EXERCISE DESCRIPTION: Leave out the images and repeat every entry below exactly.

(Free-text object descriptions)
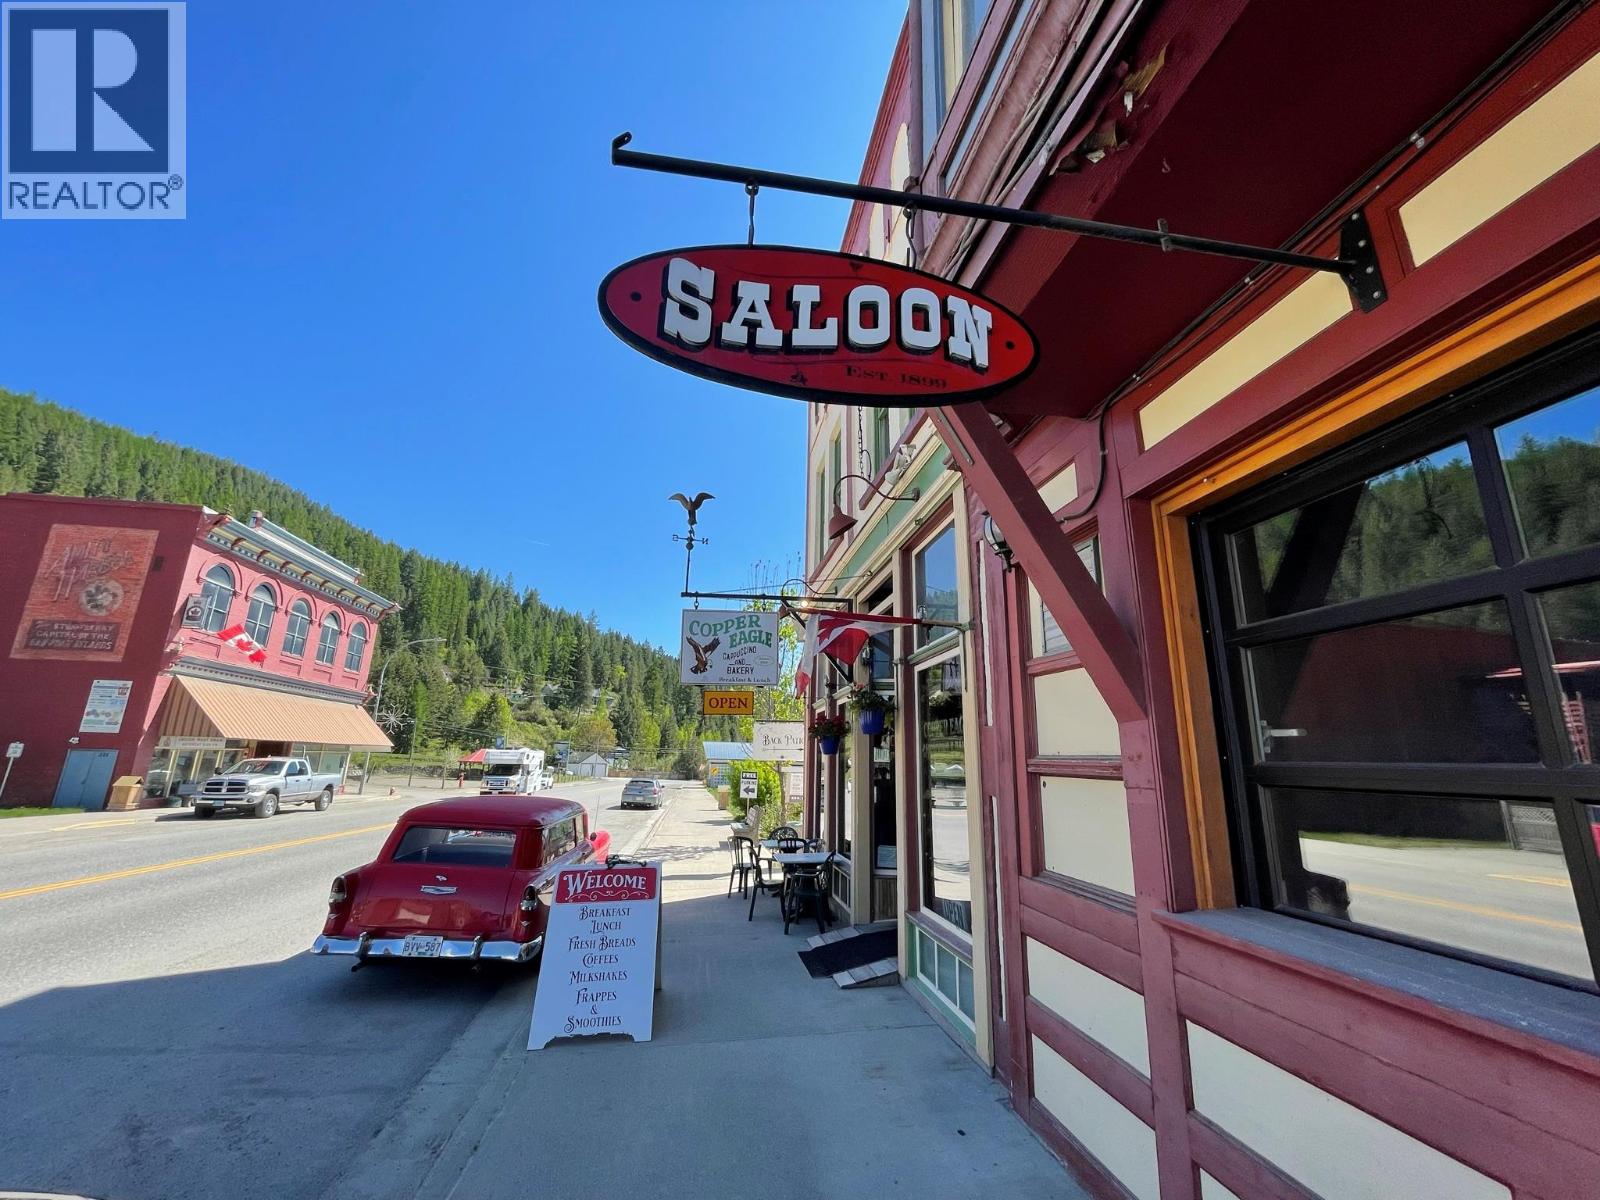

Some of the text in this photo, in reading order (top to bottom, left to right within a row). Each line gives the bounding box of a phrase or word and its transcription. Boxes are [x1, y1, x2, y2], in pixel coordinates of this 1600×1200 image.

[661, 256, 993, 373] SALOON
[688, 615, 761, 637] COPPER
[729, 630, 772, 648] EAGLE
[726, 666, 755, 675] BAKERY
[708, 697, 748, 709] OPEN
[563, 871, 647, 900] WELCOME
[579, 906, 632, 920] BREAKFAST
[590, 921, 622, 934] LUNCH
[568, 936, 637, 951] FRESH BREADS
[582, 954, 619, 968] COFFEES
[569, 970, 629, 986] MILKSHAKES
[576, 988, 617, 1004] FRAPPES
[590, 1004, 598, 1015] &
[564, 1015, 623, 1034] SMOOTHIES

ANSWER FOR THIS EXERCISE:
Some of the text in this photo, in reading order (top to bottom, left to right within a row). Each line gives the bounding box of a phrase or word and its transcription. Boxes are [x1, y1, x2, y2], in pixel coordinates of this 1600×1200 image.

[661, 256, 993, 373] SALOON
[688, 615, 761, 637] COPPER
[729, 630, 772, 648] EAGLE
[726, 666, 755, 675] BAKERY
[708, 697, 748, 709] OPEN
[563, 871, 647, 900] WELCOME
[579, 906, 632, 920] BREAKFAST
[590, 921, 622, 934] LUNCH
[568, 936, 637, 951] FRESH BREADS
[582, 954, 619, 968] COFFEES
[569, 970, 629, 986] MILKSHAKES
[576, 988, 617, 1004] FRAPPES
[590, 1004, 598, 1015] &
[564, 1015, 623, 1034] SMOOTHIES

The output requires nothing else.